KV Memory Addressing
The runtime separates request identity from physical KV-cache storage.
Conceptually:
1
req_to_token[request_slot, token_position] = physical_kv_cache_index
7.2 RadixCache
Source:
1
python/sglang/srt/mem_cache/radix_cache.py
RadixCache is a radix tree for reusable prefix KV cache. Each node represents a span of tokens and stores metadata about whether the KV for that span exists on device, host, or storage.
Node metadata includes:
- token key
- device value
- host value
- page hashes
- parent and children
- lock/reference counters
- hit count
- last access time
- creation time
- eviction priority
RadixCache Prefix Reuse
Shared prompt prefixes become shared KV-cache paths.
For workloads such as RAG, multi-turn chat, long-context QA, and batch evaluation, this prefix reuse can save substantial prefill compute.
7.3 RadixAttention
Source:
1
python/sglang/srt/layers/radix_attention.py
RadixAttention is the model-layer attention module. It reshapes Q/K/V, optionally writes K/V into cache, and dispatches actual attention computation to the selected attention backend through forward_batch.attn_backend.

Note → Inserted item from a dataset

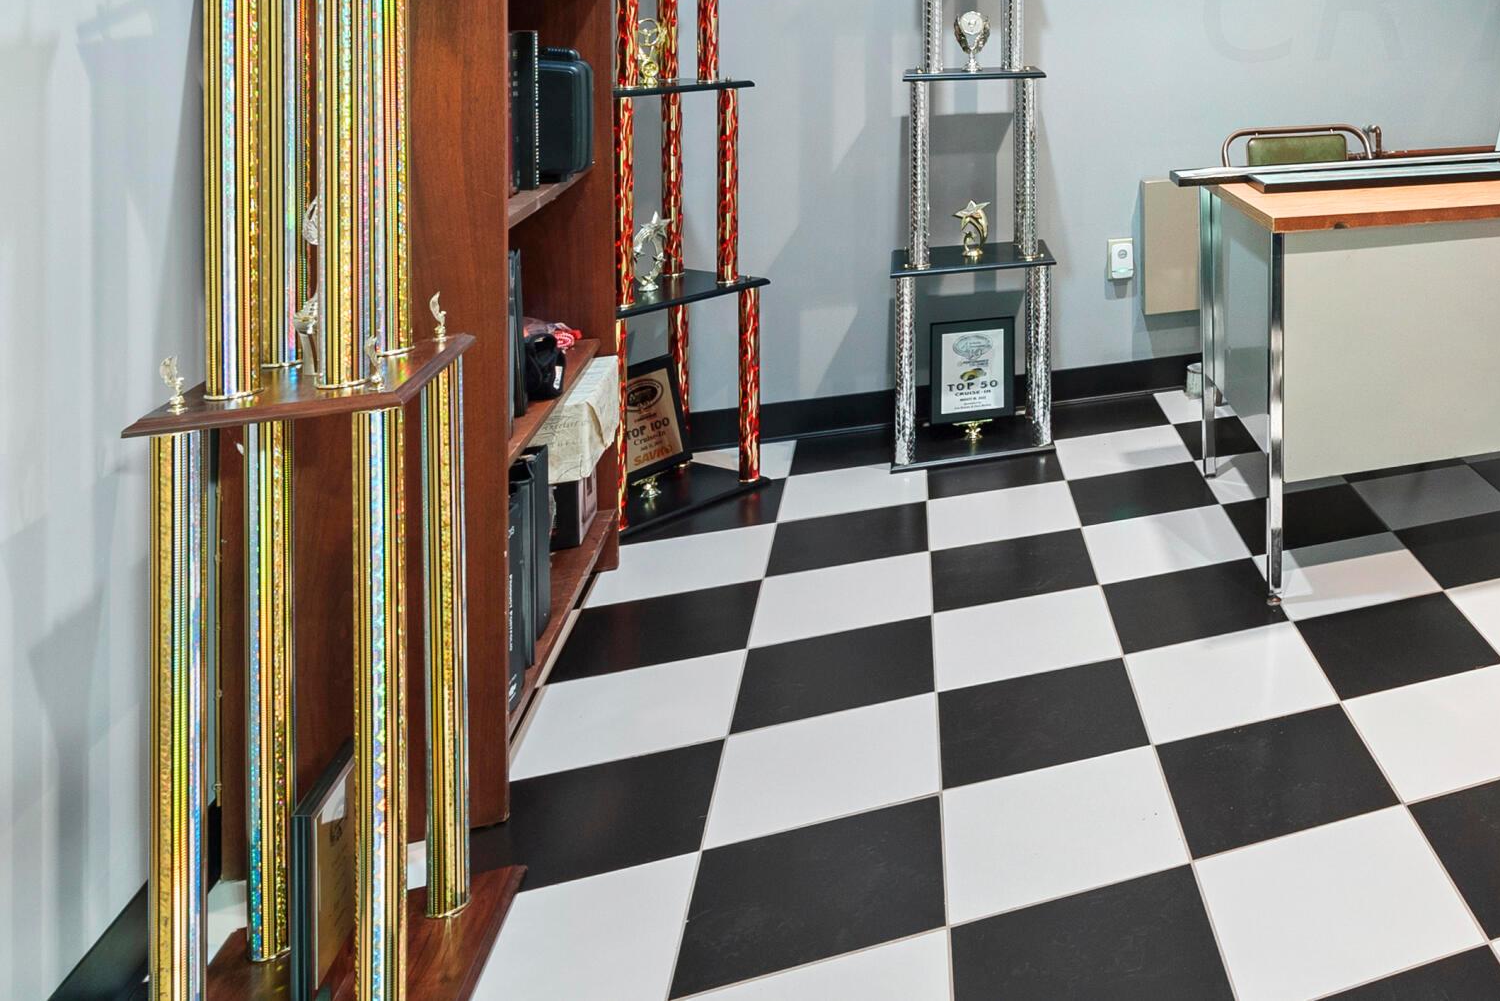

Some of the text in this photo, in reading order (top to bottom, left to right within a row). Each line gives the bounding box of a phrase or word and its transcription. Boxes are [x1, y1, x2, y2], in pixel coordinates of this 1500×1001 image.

[947, 379, 998, 392] TOP 50
[627, 417, 670, 440] TOP 100

Important point: RadixAttention is not one fixed kernel. It is a cache-aware attention abstraction that can use FlashInfer, Triton, FlashAttention, FlashMLA, CUTLASS MLA, TensorRT-LLM, AITER, Wave, Ascend, NSA, or other backends depending on model and platform.
8. HiCache: Hierarchical KV Cache
RadixAttention uses idle GPU memory to cache reusable prefix KV. HiCache extends the same idea into a three-level hierarchy:
| Level | Storage | Role |
|---|---|---|
| L1 | GPU memory | Fastest, smallest, local to an inference instance |
| L2 | Host memory | Larger local capacity |
| L3 | Distributed storage | Cluster-wide sharing and much larger capacity |
HiCache: L1/L2/L3 KV Cache
HiCache expands prefix reuse beyond GPU memory and across instances.
HiCache operations:
- Local match: traverse local HiRadixTree metadata.
- Prefetch: query L3 and load useful KV pages into local memory.
- Write-back: move new or hot KV data from L1 to L2/L3.
- Multi-rank synchronization: use collectives so TP ranks agree on hit lengths.
- Transfer optimization: use page-first layouts and GPU-assisted I/O kernels.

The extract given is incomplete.